Mais um time alega problemas financeiros e abandona o Campeonato Italiano



A crise no vôlei da Itália é cada vez mais séria.

O Modena, em profunda crise econômica, fechou as portas e não irá terminar a disputa do Campeonato Italiano feminino.

A confirmação aconteceu nesta quarta-feira, com um comunicado oficial publicado pelo clube em seu site oficial.

A possibilidade já era discutida nas últimas semanas, mas existia a esperança de que o fim das atividades fosse decretado somente ao término da temporada. Os dirigentes disseram, entre outras coisas, que o terremoto que atingiu a região, em maio do ano passado, afetou a atividade dos patrocinadores, minando a capacidade financeira do time.

E se engana quem pensa que o time fazia uma campanha pífia e lutava pelos últimos lugares. O Modena ocupava a terceira posição na competição, com 23 pontos (6 vitórias e 6 derrotas), apenas um atrás do Bergamo, vice-líder.

O elenco contava com estrelas do quilate da cubana naturalizada italiana Taismary Aguero, as americanas Alisha Glass e Christa Harmotto, além de Jenny Barazza, Paola Croce e Paola Paggi, com passagens pela Azzurra.

Além disso, a cidade de Modena é a capital do vôlei italiano, tem uma tradição absurda no esporte e abriga um museu do esporte. Não é pouca coisa, não!

O Modena é o segundo time a abandonar o Italiano Feminino. Em dezembro, o Crema, promovido para a Primeira Divisão na temporada anterior, também alegou problemas financeiros e deixou a competição.

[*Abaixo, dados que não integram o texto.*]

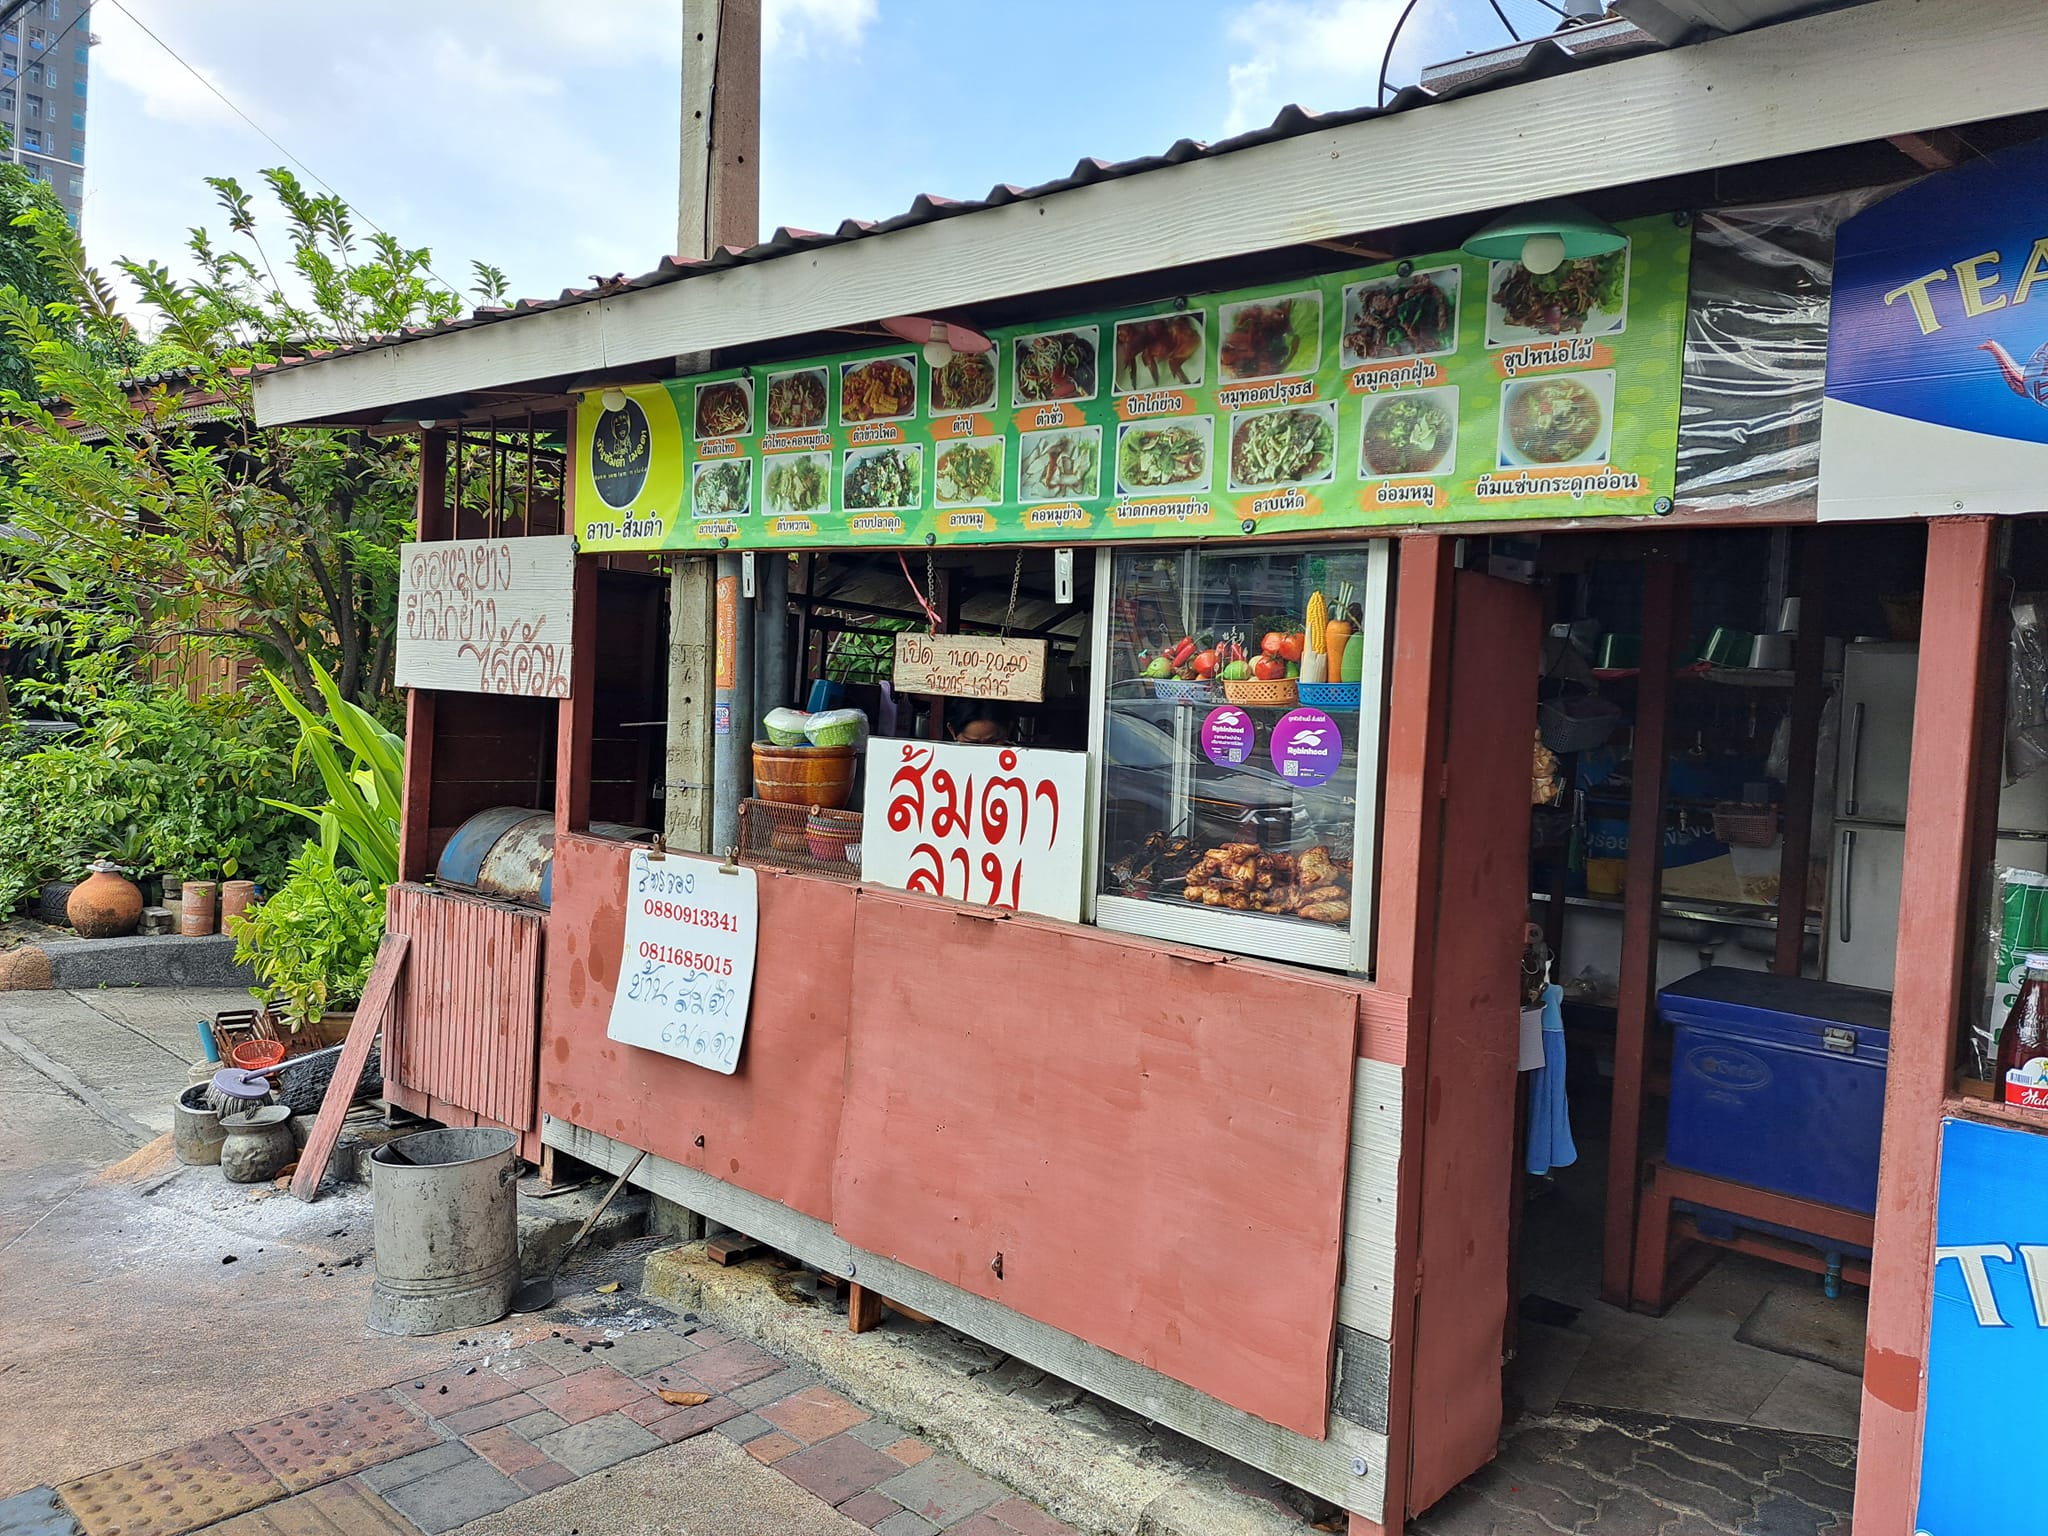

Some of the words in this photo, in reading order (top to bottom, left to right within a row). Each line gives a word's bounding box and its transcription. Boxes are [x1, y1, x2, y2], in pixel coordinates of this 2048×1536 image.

[1353, 360, 1435, 391] หมูคลุกฝุ่น
[1127, 392, 1182, 414] ปีกไก่ย่าง
[1220, 381, 1313, 409] หมูทอดปรุงรส
[952, 416, 974, 437] ตำปู
[1377, 484, 1434, 506] อ่อมหมู
[1476, 468, 1638, 497] ต้มแซ่บกระดูกอ่อน
[1117, 496, 1209, 521] น้ำตกคอหมูย่าง
[1253, 488, 1304, 513] ลาบเห็ด
[586, 511, 664, 541] ลาบ-ส้มตำ
[776, 516, 810, 531] ตับหวาน
[853, 517, 901, 533] ลาบปลาดุก
[950, 513, 984, 529] ลาบหมู
[1031, 506, 1082, 527] คอหมูย่าง
[902, 637, 933, 665] เปิด
[1287, 746, 1328, 756] Robinhood
[887, 744, 1060, 852] ส้มตำ
[643, 898, 738, 933] 0880913341
[639, 941, 733, 976] 0811685015

Assim, o Italiano que começou com 12 times vai terminar, se mais ninguém fechar as portas, com dez. E pensar que menos de uma década atrás a Itália era o eldorado do vôlei mundial.



  • Emanuella

    Caraca, o terceiro colocado abandonar o campeonato pro falta de grana. ta feia a coisa na Europa mesmo

  • Adriano

    Há menos de uma década atrás, a Itália era o eldorado do vôlei mundial. Mas isso nunca impediu essa tradição funesta de times italianos fecharem durante a disputa da temporada. Isso aconteceu diversas vezes durante esses últimos 10, 12 anos, tenho a impressão que a situação era recorrente a cada 2, 3 anos, sem que a Federação ou a Liga tenham conseguido coibir a presença desses times aventureiros. O que nunca havia acontecido, creio, era 2 times acabarem na mesma temporada – ou que um dos times interrompidos fosse um dos grandes.

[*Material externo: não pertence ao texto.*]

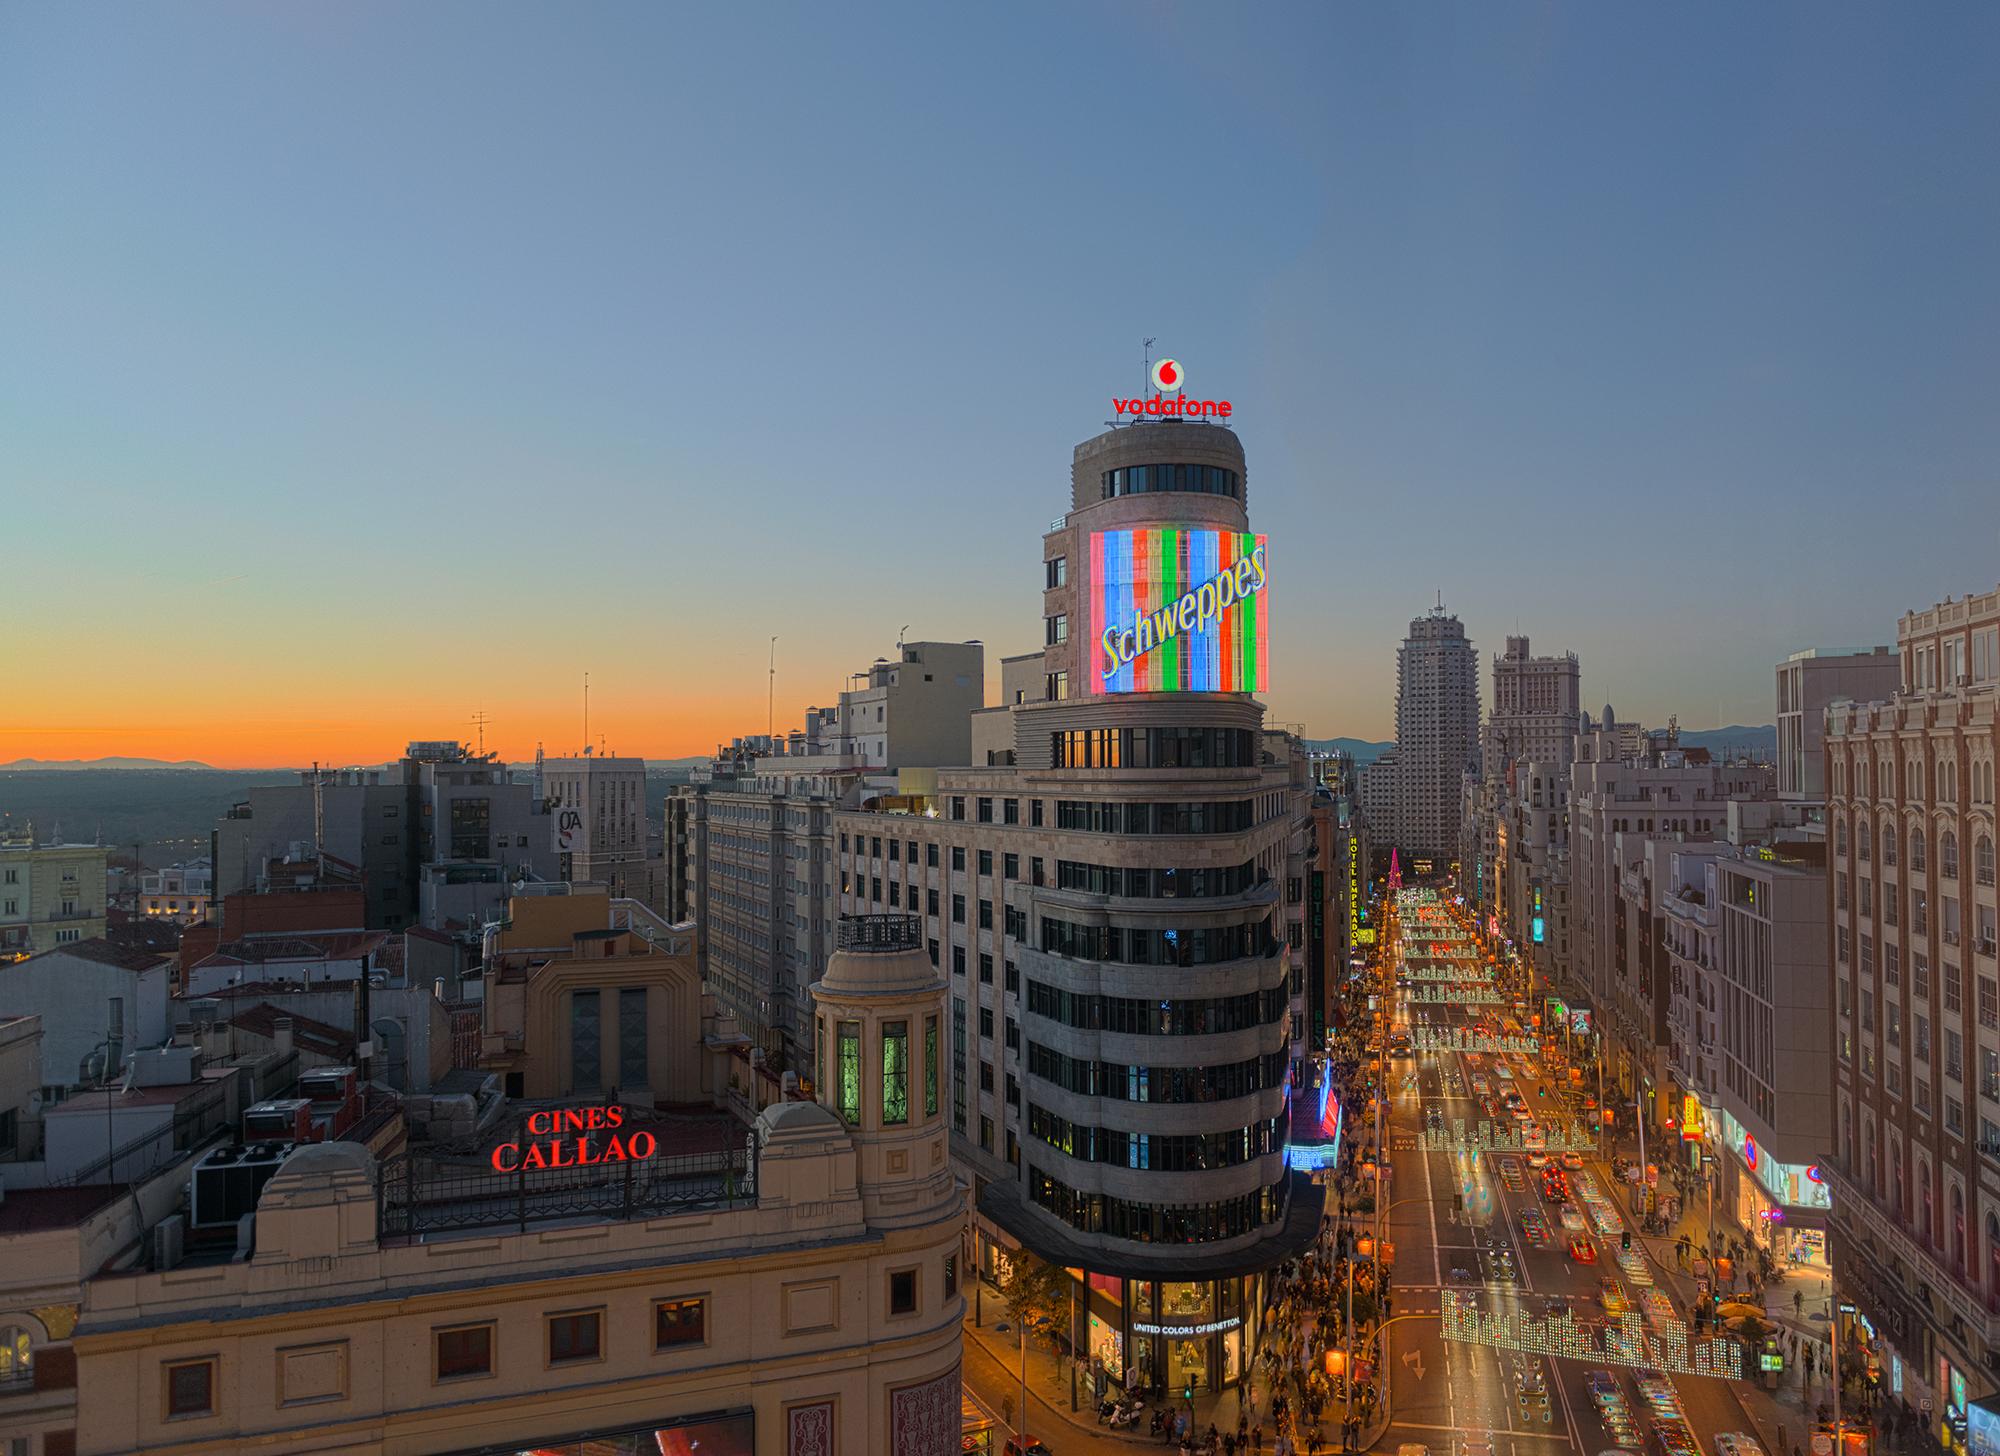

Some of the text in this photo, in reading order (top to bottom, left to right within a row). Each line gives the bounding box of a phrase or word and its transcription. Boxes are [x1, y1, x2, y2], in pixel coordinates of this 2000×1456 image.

[1112, 394, 1232, 417] vodafone
[1102, 544, 1266, 680] Schweppes
[1350, 837, 1359, 947] HOTEL EMPERADOR
[1312, 873, 1324, 1047] HOTEL REX
[528, 1106, 623, 1135] CINES
[491, 1131, 656, 1172] CALLAO
[1133, 1317, 1240, 1335] UNITED COLORS OF BENETTON

    Pelo menos no Brasil, nunca acontece isso de os times fecharem durante a temporada. Normalmente, os grandes patrocinadores esperam 2 ou 3 anos até não conseguirem os resultados esperados para puxar os fios.

  • Jairo(RJ)

    Daniel, aqui mesmo já tinha lido sobre a situação do Sisley Treviso em 18/06 passado. No final do texto você citou: “O jogo parava o país. Hoje, a Itália aparece com status de quarta ou quinta força do mercado masculino, atrás de Rússia, Polônia e Brasil e perdendo espaço para Turquia e Japão. E o pior, segundo muitos analistas locais, ainda não foi visto.”

    Os mercados fortes ainda são esses ?

    • Daniel Bortoletto

      sim. Itália cada vez mais perdendo força e representatividade internacional

  • As mais bem pagas do mundo

    A cidade de BAKU é a capital do vôlei feminino europeu, é a cidade europeia com o maior número de times profissionais de vôlei, são 6 times profissionais com estrangeiras contratadas de vários lugares do mundo: Azərreyl Baku, Azeryol Baku, İqtisadçı Baku, Lokomotiv Baku, Rabitə Baku e Telekom Baku.
    As jogadoras mais bem pagas do Vôlei Mundial estão no AZERBAIJÃO e na TURQUIA:
    – as ponteiras-passadoras MVP’s OLÍMPICAS de LONDRES e PEQUIM, a coreana KIM e a brasileira PAULA, no Fenerbac ISTANBUL;
    – a oposto colombiana Madelaynne MONTANO, no Rabita BAKU;
    – a oposto turca Neslihan DARNEL, no Eczacibasi ISTANBUL;
    – a levantadora tailandesa Nootsara TOMKOM, no Igtisadchi BAKU;
    – a meio-de-rede italiana Simona GIOLI, no GALATASARAY ISTANBUL;
    – a meio-de-rede alemã Christiane FÜRST, no Vakifbank ISTANBUL;
    – a meio-de-rede alemã Corina SSUSCHKE-VOIGT, no Lokomotiv BAKU;
    – a oposta holandesa Manon FLIER, no Azerrail BAKU.